**Free-text object descriptions:**
++++++++++

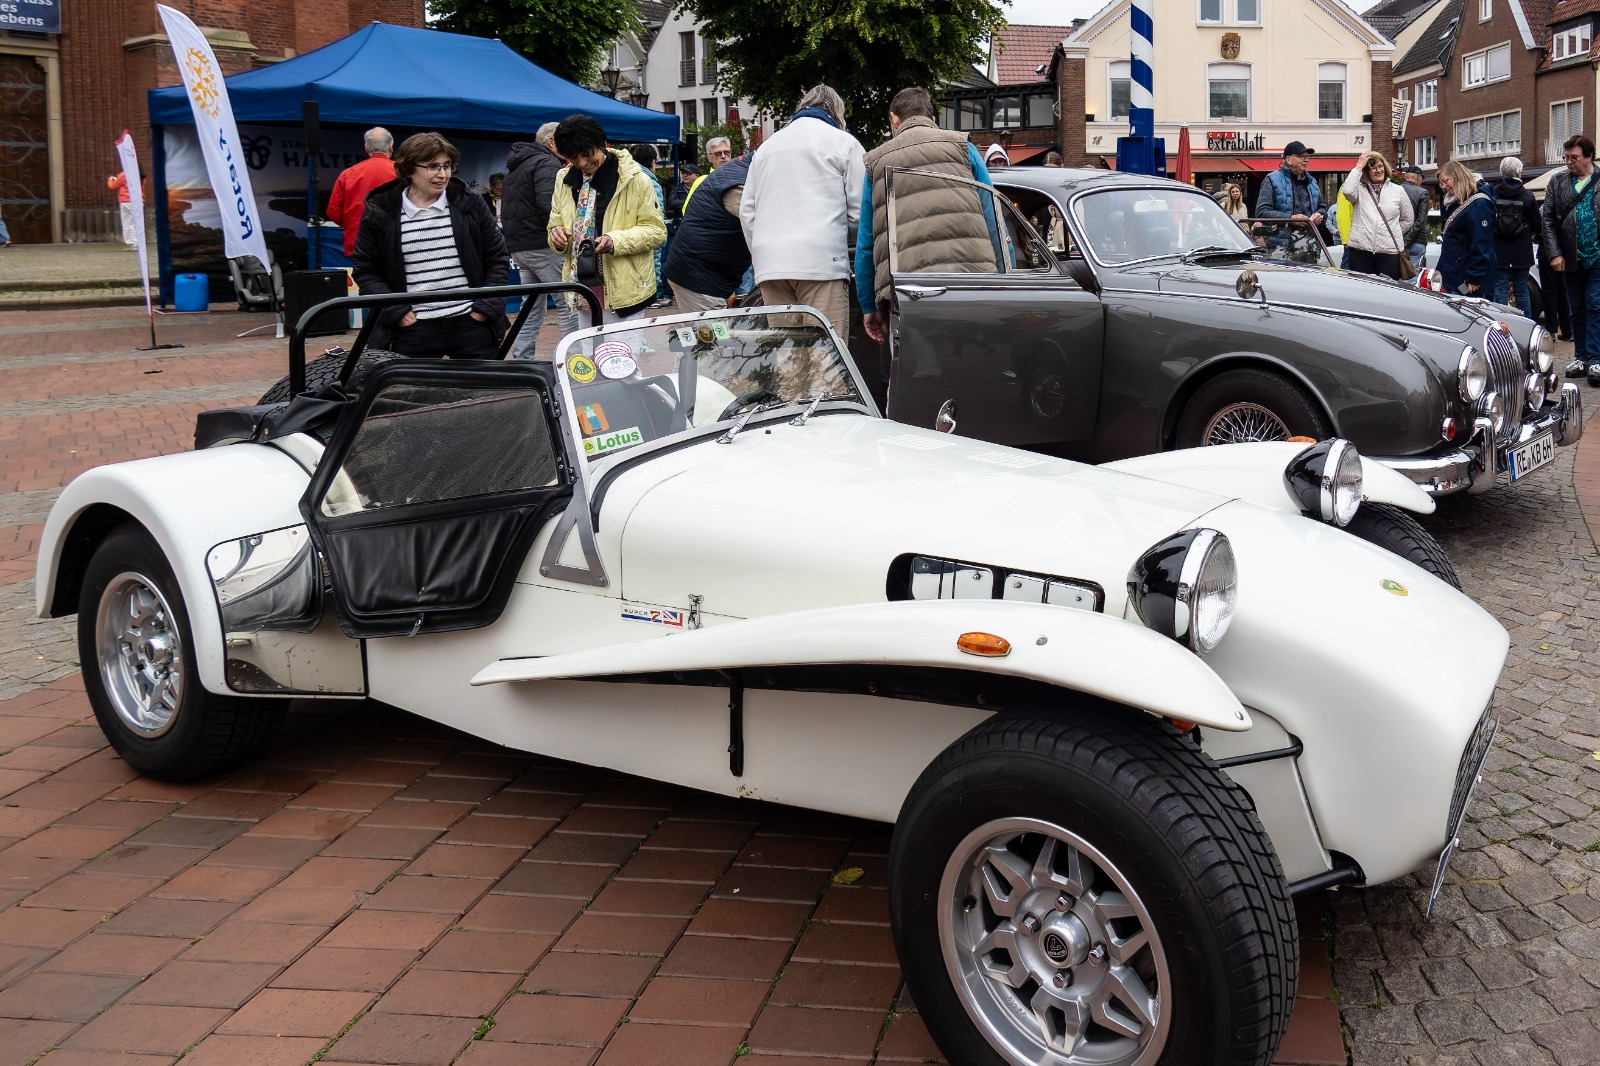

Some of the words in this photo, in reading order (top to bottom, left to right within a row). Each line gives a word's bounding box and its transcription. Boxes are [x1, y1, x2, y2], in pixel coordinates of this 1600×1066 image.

[1207, 132, 1266, 151] extrablatt
[1353, 135, 1365, 145] 73
[596, 431, 640, 451] Lotus
[1516, 450, 1527, 474] RE
[1531, 443, 1541, 466] KB
[1542, 437, 1553, 460] 6H
[650, 610, 661, 622] 7
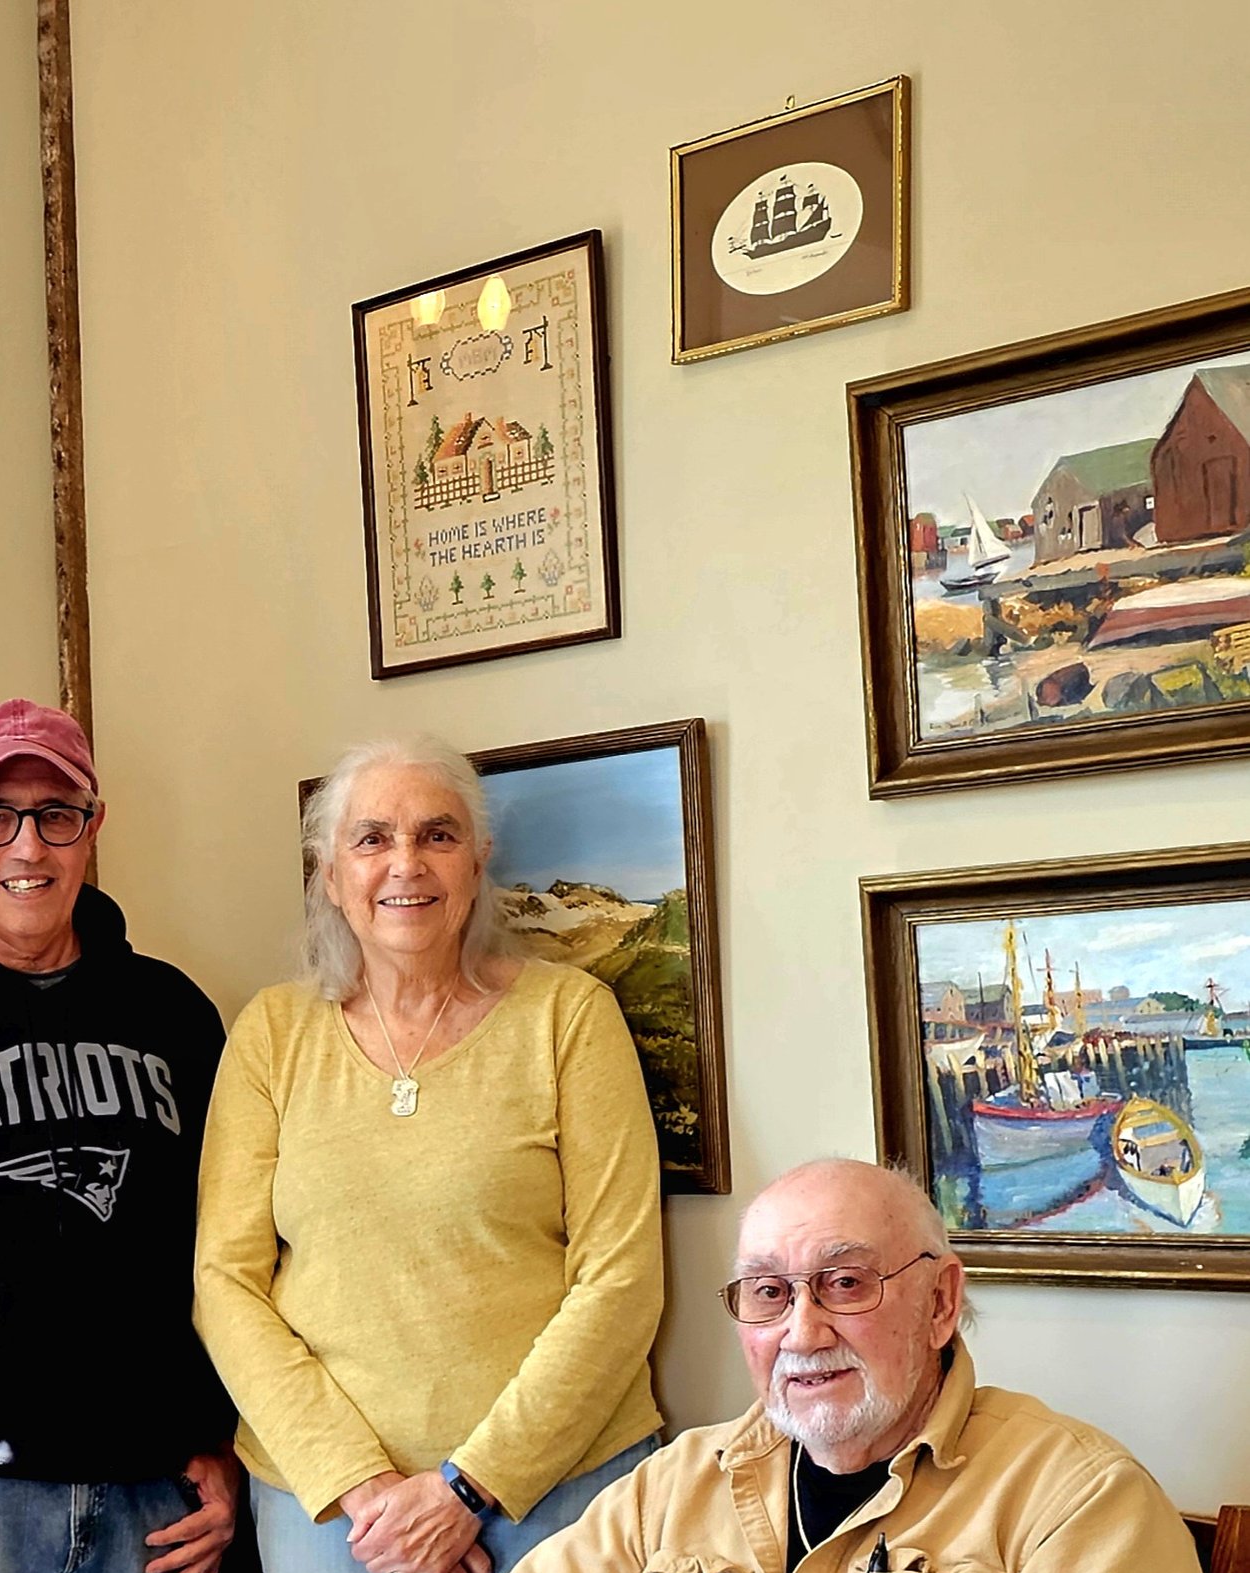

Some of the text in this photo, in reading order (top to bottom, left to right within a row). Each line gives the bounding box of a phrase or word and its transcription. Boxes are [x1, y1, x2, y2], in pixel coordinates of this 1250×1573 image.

[429, 507, 546, 547] HOME IS WHERE
[430, 529, 545, 567] THE HEARTH IS
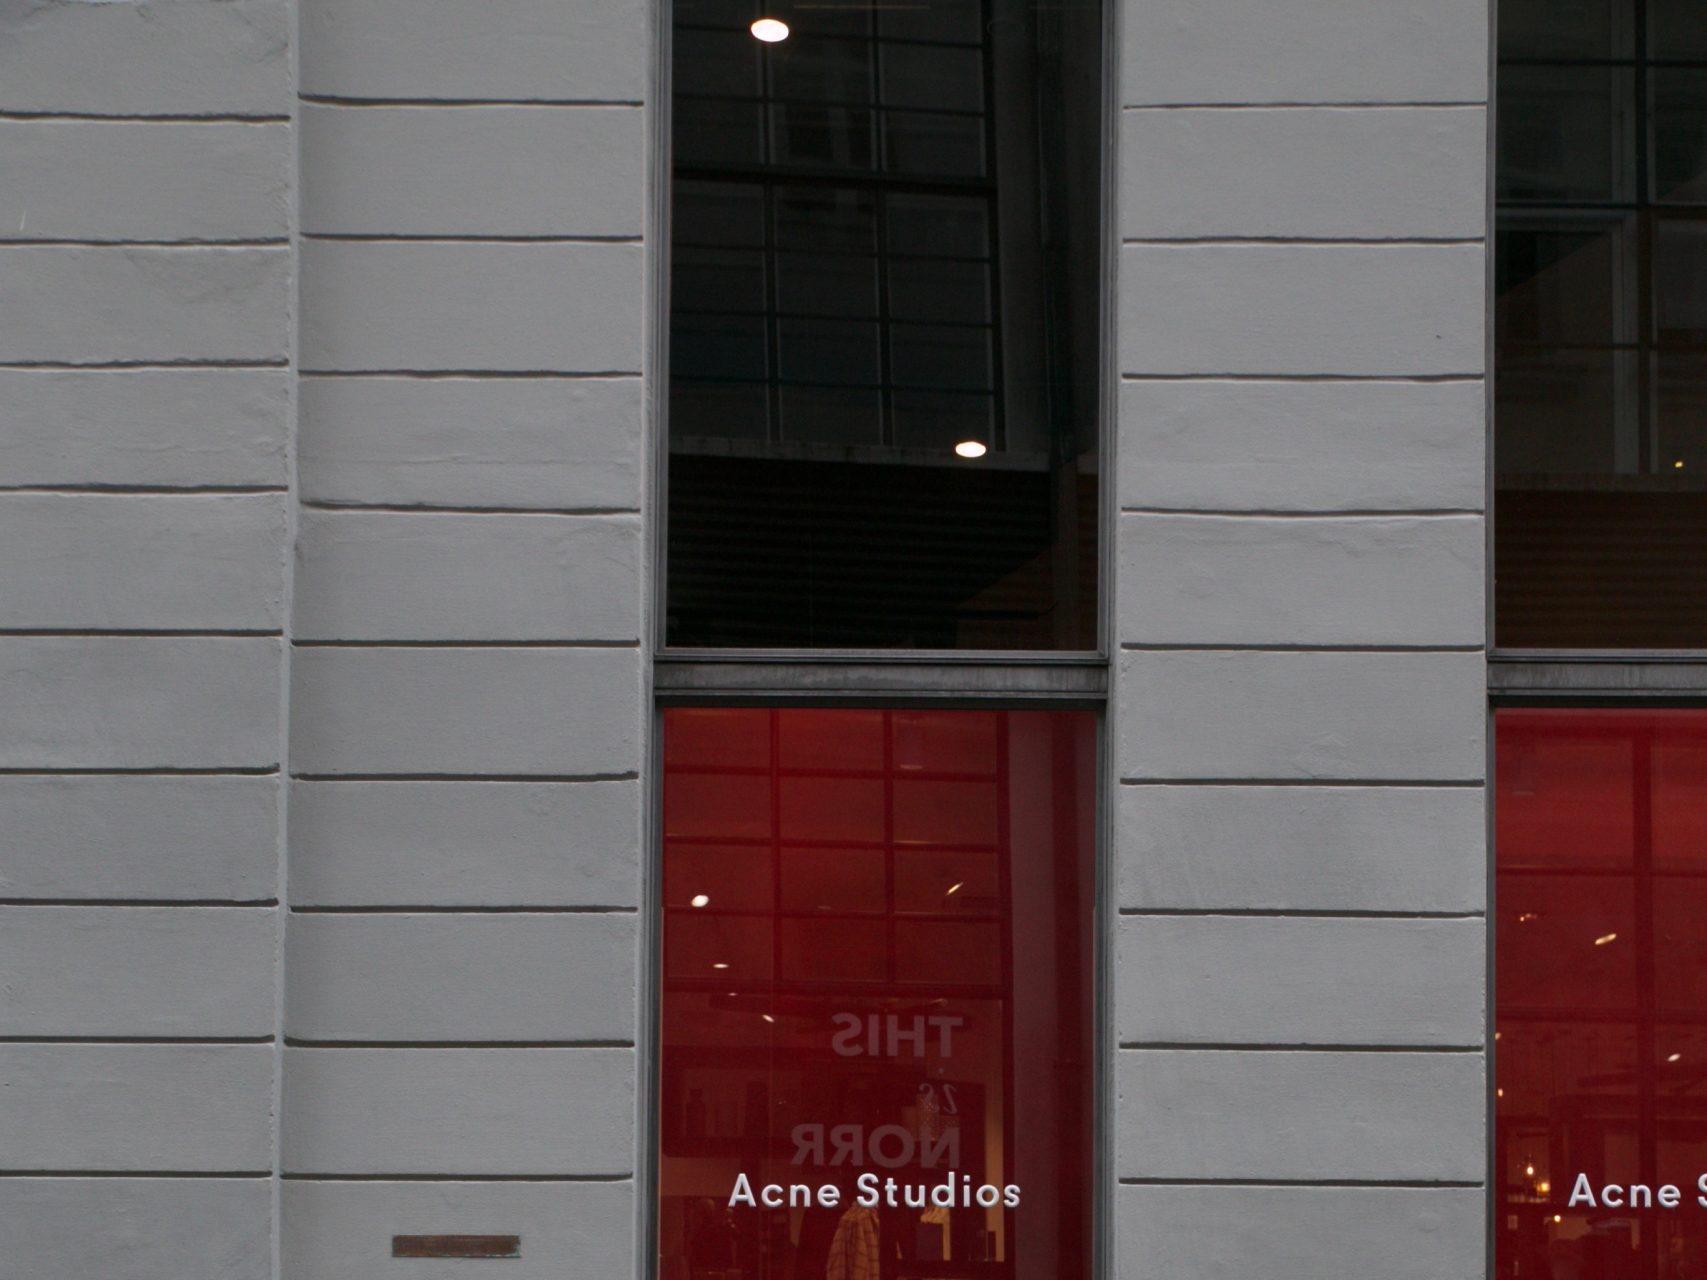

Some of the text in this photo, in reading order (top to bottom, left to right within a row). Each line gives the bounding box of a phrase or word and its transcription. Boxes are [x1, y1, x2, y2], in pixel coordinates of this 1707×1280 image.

++++++++++

**TASK INSTRUCTIONS:**
Every entry above needs to be duplicated exactly, without its images.

**ANSWER BELOW:**
Some of the words in this photo, in reading order (top to bottom, left to right within a row). Each line gives a word's bounding box and its transcription. Boxes are [x1, y1, x2, y2], in pixel coordinates of this 1600×1066 image.

[1207, 132, 1266, 151] extrablatt
[1353, 135, 1365, 145] 73
[596, 431, 640, 451] Lotus
[1516, 450, 1527, 474] RE
[1531, 443, 1541, 466] KB
[1542, 437, 1553, 460] 6H
[650, 610, 661, 622] 7

Some of the text in this photo, in reading order (top to bottom, left to right within a row). Each line gives the bounding box of a phrase or word and its transcription. Boxes are [x1, y1, x2, y2], in pixel coordinates of this 1250×1573 image.

[429, 507, 546, 547] HOME IS WHERE
[430, 529, 545, 567] THE HEARTH IS

Some of the text in this photo, in reading order (top to bottom, left to right within a row). Each line gives the bounding box of a phrase or word and its transcription. Boxes are [x1, y1, x2, y2], in pixel coordinates of this 1707×1280 image.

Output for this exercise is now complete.